Beware ‘Just Say China’ Politics
Republicans screamed for more spending to counter China. Democrats are claiming their infrastructure bill does just that. It’s a dangerous game.
The president’s $2 trillion infrastructure bill before Congress proposes a huge expansion of government and government spending, and a tax increase on corporations. Both aspects are broadly popular with the public — and are also a Republican’s nightmare. So how is the White House selling it to lawmakers? By just saying ‘China.’
The White House is banking on getting Republicans on board — or setting them up to be shamed — by calling its bill a must-have if the United States wants to compete with China. That seems smart, if cheeky, at first. After all, Republicans want to compete with China. Hoo boy, do they ever. For the past two to three years, China has become the I’m-tougher-than-you foreign policy issue in American politics, and the right has come hard at Biden early in his presidency. On the Senate and House Armed Services Committees, GOP members have pounded the dais calling for more spending, missiles, ships, fighter planes, Space Guardians, Olympic boycotts, more, more, more.
But will those same lawmakers go along with the Democrats who claim that building American bridges, railways, airports, seaport, and digital infrastructure is as important as starting a hypersonic missile race, going to war to protect Taiwan, or fielding an expanded arsenal of US Army long guns? The White House thinks so.
“I promise you, you’re all going to be reporting over the next six to eight months how China and the rest of the world is racing ahead of us in the investments they have in the future, attempting to own the future,” President Joe Biden said on Wednesday. “The technology, quantum computing, investing significant amounts of money and dealing with cancer and Alzheimer's — that’s the infrastructure of a nation.”
Leaving aside copious past reporting on China and its military-related technology, if not Beijing's medical advances, how seriously Americans take the China question depends enormously on how Democrat and Republican leaders talk about it. Americans are learning quickly about competition with China and jumping on board with the urgency, but not necessarily the alarm bells, nor what to do about it. The Chicago Council poll released Feb. 1 is among the latest to find huge disparities on China between Republicans and Democrats. Everyone is more concerned, that’s clear. But Republican leaders and voters believe far more than Democrats — by 20 to 30 percent — that China is an urgent threat that requires a hawkish response, like defending Taiwan.
A Pew survey released last month found the same common concerns rising, but additional divisions among partisans. “Roughly nine-in-ten U.S. adults (89%) consider China a competitor or enemy, rather than a partner,” Pew researchers reported finding. That reflects both news of Xi Jinping’s increasingly-alarming dictatorial reign and Western leaders’ increasingly-hawkish responses. But how seriously Americans take the threat again splits along party lines. Republicans and Democrats alike feel increasingly “cold” about China. Yet, sixty-three percent of Republicans — more than double the percent of Democrats — said “limiting China’s power and influence should be a top foreign policy priority.” That’s a stunning increase from 2018, when just 39 percent of Republicans (and 29 percent of Democrats) felt that way. In other words, most Democrats aren’t feeling the hawks’ drumbeats.
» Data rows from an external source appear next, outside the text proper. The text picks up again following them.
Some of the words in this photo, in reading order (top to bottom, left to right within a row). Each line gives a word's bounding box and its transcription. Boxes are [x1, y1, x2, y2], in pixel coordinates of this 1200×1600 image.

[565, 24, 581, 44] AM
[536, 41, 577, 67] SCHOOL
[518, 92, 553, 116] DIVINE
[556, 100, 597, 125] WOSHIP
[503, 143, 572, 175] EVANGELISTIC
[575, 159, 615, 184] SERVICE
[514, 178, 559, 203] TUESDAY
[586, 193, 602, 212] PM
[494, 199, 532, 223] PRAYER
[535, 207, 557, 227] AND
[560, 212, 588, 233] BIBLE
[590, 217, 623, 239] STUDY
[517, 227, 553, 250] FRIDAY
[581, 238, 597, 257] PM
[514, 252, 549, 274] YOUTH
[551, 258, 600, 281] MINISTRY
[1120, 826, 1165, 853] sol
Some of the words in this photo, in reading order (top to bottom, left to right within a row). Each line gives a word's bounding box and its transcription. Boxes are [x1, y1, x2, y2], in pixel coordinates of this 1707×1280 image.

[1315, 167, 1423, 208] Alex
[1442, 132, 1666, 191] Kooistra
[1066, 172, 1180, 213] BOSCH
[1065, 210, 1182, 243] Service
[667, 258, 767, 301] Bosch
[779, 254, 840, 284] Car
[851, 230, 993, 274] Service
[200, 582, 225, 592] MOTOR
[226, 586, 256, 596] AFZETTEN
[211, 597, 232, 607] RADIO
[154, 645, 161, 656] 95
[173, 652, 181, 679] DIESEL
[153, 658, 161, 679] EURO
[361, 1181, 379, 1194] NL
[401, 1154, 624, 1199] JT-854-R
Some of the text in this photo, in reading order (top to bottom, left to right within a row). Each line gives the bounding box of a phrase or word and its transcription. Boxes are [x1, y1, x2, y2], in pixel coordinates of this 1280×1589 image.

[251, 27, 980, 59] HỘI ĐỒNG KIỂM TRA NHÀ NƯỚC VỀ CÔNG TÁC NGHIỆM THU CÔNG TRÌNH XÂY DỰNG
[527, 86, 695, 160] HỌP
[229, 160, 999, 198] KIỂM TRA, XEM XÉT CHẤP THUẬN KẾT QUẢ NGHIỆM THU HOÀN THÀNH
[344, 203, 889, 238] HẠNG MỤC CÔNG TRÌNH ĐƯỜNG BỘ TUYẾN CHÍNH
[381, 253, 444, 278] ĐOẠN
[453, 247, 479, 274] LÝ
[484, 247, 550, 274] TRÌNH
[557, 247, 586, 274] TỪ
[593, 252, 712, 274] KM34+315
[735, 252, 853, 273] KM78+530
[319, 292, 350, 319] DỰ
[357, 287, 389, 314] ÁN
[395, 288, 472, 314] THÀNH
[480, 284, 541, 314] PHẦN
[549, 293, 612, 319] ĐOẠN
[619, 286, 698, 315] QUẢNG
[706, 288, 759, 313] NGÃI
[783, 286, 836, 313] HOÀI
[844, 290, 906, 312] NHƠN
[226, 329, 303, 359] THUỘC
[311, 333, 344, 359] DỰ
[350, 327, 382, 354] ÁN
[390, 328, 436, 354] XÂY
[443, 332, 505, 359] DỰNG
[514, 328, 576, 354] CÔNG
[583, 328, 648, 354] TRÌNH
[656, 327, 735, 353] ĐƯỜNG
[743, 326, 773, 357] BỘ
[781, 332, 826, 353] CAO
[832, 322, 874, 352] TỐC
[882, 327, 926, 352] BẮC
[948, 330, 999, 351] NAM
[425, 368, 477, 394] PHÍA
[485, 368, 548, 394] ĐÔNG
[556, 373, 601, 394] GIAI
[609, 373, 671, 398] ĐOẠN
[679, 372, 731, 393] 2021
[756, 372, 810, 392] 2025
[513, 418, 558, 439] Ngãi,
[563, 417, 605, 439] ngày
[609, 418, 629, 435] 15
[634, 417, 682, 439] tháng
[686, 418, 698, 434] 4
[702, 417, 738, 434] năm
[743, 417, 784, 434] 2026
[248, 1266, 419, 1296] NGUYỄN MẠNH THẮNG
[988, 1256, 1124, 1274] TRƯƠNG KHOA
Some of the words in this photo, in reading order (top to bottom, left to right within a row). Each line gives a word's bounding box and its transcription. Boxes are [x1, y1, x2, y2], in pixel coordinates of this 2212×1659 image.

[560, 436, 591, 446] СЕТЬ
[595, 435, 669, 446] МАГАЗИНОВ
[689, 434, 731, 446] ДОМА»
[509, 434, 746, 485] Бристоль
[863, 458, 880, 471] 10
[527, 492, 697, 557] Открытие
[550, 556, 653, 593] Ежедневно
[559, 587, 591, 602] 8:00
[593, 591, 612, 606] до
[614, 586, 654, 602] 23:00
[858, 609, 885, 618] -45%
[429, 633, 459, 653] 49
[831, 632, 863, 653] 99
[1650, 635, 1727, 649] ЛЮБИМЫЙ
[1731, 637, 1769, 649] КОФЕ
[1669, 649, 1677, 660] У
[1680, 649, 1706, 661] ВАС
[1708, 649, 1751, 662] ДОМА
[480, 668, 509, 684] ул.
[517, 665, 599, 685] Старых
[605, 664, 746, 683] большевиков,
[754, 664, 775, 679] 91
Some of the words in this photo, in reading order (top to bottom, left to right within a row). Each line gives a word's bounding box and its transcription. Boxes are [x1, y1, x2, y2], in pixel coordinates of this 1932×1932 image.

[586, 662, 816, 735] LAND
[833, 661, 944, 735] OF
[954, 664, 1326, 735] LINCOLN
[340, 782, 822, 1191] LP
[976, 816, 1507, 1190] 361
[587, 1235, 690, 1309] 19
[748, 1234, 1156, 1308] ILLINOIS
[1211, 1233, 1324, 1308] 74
Only 20 percent of them think China as “an enemy.” Among those identifying as just “liberal” who see China as an enemy, the rate drops to just 16 percent. For those calling themselves Republicans, it’s 53 percent. For all conservatives, it’s 64 percent.
It’s hard to see immediately how the left and right camps will merge on China and the infrastructure bill, but a separation of the partisans from the pragmatists already is underway. Former president Donald Trump this weekend ripped Biden’s proposal as a “giveaway for China.” But the Wall Street Journal’s Gerald Seib, who noted that Biden said China six times in his infrastructure speech, put it this way: even though Republicans blasted the bill as “a progressive wish list hiding behind the disguise of infrastructure and financed by a job-killing corporate tax increase,” the package includes spending on things like $50 billion for semiconductors that would be attractive to conservative advocates for domestic manufacturing, like Sen. Tom Cotton, R-Ark.
We are just two months into Biden’s presidency and the China fear-mongering rhetoric that the Trump administration hath bequeathed has manifested from Congressional committees to street violence targeting Asian-Americans. Pleas to treat China seriously have been ignored in the rush to score partisan points and pump out with-us-or-against-us memes.
The Biden White House’s serious, diplomatic, government-wide effort to forge a new U.S.-China policy for the future is welcome. But barking “China!” in a bid to squeeze through trillion-dollar domestic spending bills is worrying. It has the same potential to dumb down the most serious and complex national security issue that is challenging the future of the United States’ and other Western democracies’ influence in the world.
Everything is politics, and the China issue is no exception. Some spending proposals in that bill could directly counter Beijing's influence. But if Biden is serious about a different kind of foreign policy, and judging by American opinions, his administration would be better served spending more time speaking to Americans in depth and at length about the U.S.-China relationship and policies he wants, and less time using China as a political football.